TASK OBJECTIVE
Pictures stay out, but every line of the data is copied exactly.

DATA UNDER STUDY
--- START ---

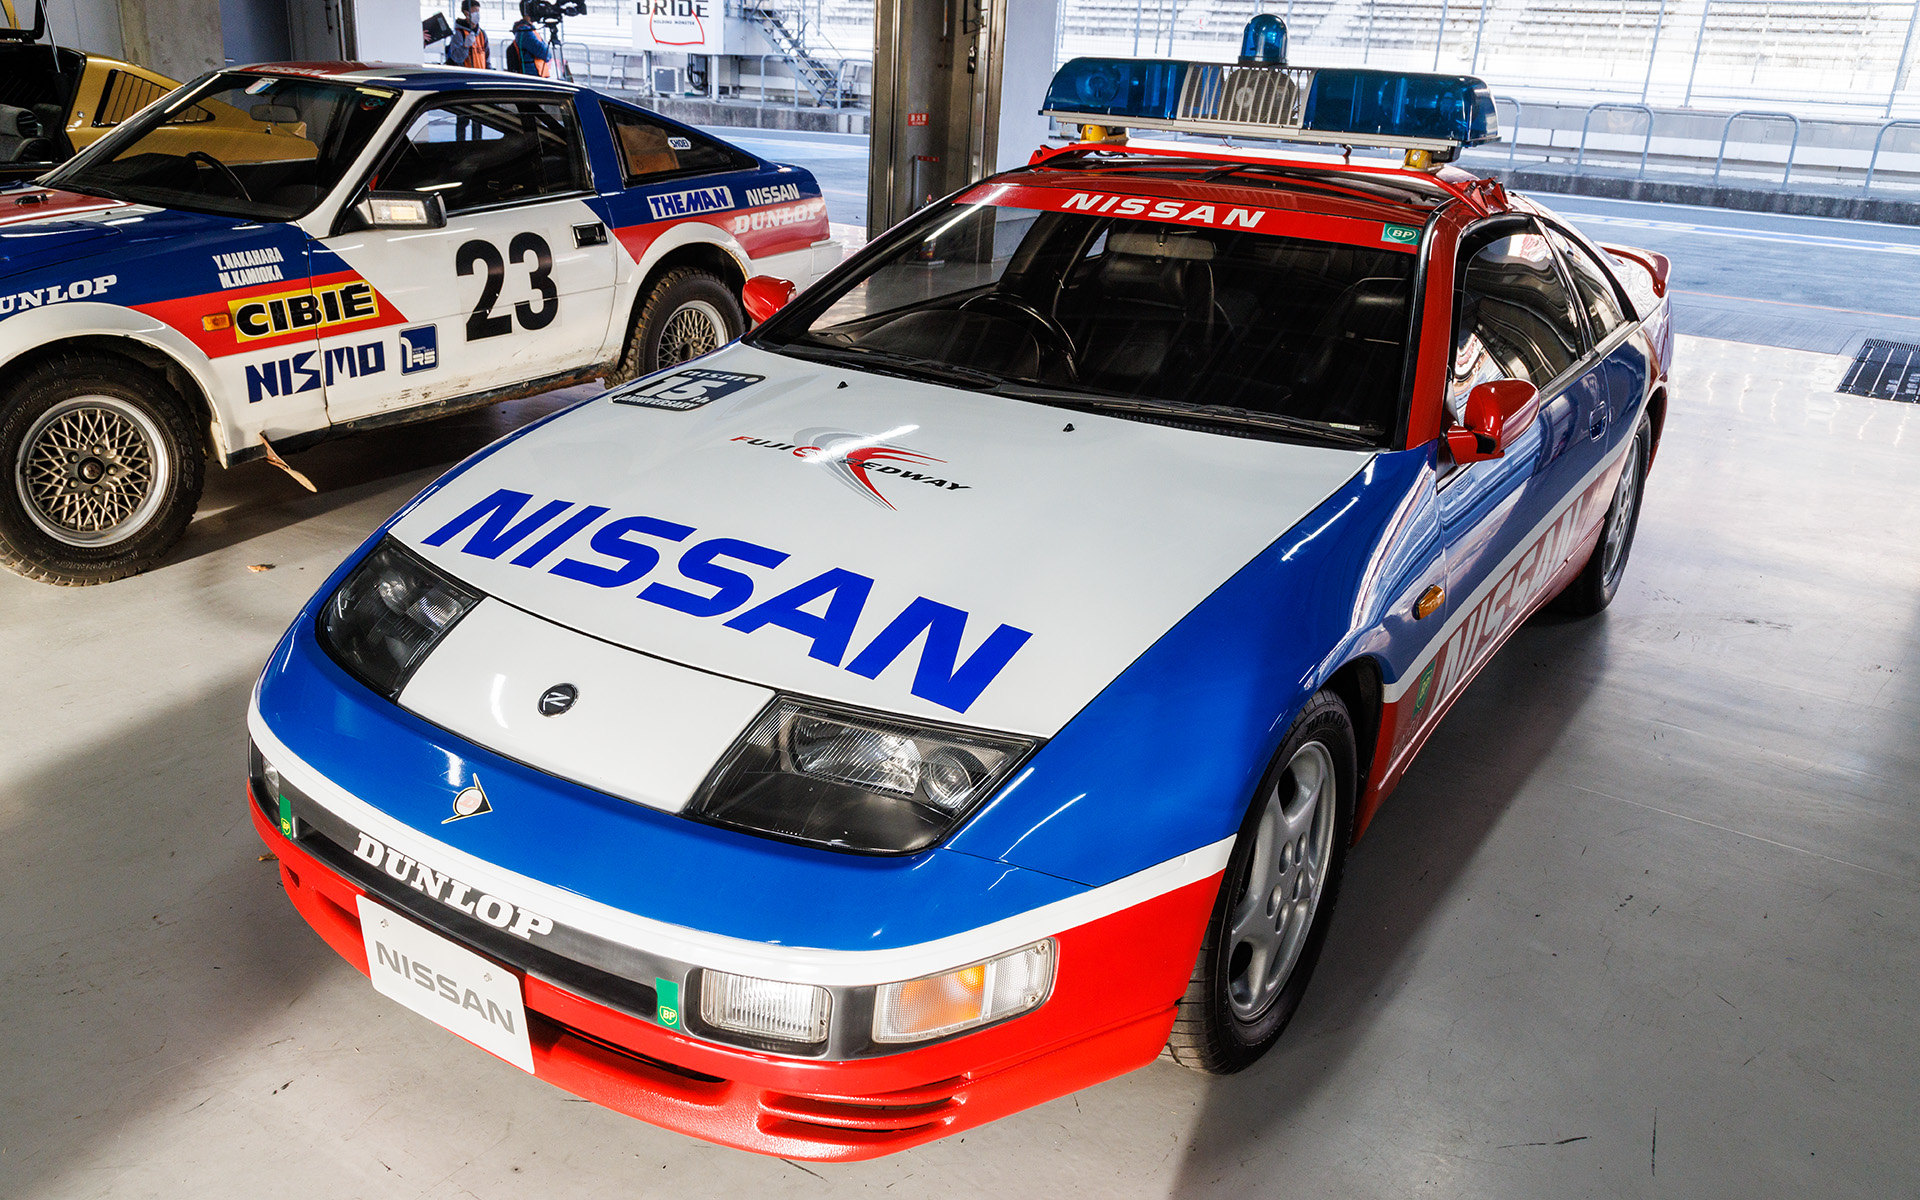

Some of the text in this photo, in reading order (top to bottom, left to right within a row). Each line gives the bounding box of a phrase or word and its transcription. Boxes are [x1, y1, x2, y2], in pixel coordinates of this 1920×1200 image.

[636, 0, 709, 18] BRIDE
[670, 139, 690, 148] SHOEI
[745, 183, 801, 207] NISSAN
[1060, 192, 1266, 229] NISSAN
[733, 202, 822, 235] DUNLOP
[1391, 229, 1413, 238] BP
[217, 264, 284, 289] M.KAMIOKA
[455, 231, 559, 342] 23
[245, 340, 386, 404] NISMO
[730, 435, 796, 452] FUJI
[420, 488, 1034, 715] NISSAN
[1427, 492, 1585, 717] NISSAN
[353, 831, 554, 940] DUNLOP
[375, 940, 516, 1036] NISSAN
[662, 1008, 676, 1021] BP

--- END ---

REPLY
Some of the text in this photo, in reading order (top to bottom, left to right within a row). Each line gives the bounding box of a phrase or word and its transcription. Boxes are [x1, y1, x2, y2], in pixel coordinates of this 1920×1200 image.

[636, 0, 709, 18] BRIDE
[670, 139, 690, 148] SHOEI
[745, 183, 801, 207] NISSAN
[1060, 192, 1266, 229] NISSAN
[733, 202, 822, 235] DUNLOP
[1391, 229, 1413, 238] BP
[217, 264, 284, 289] M.KAMIOKA
[455, 231, 559, 342] 23
[245, 340, 386, 404] NISMO
[730, 435, 796, 452] FUJI
[420, 488, 1034, 715] NISSAN
[1427, 492, 1585, 717] NISSAN
[353, 831, 554, 940] DUNLOP
[375, 940, 516, 1036] NISSAN
[662, 1008, 676, 1021] BP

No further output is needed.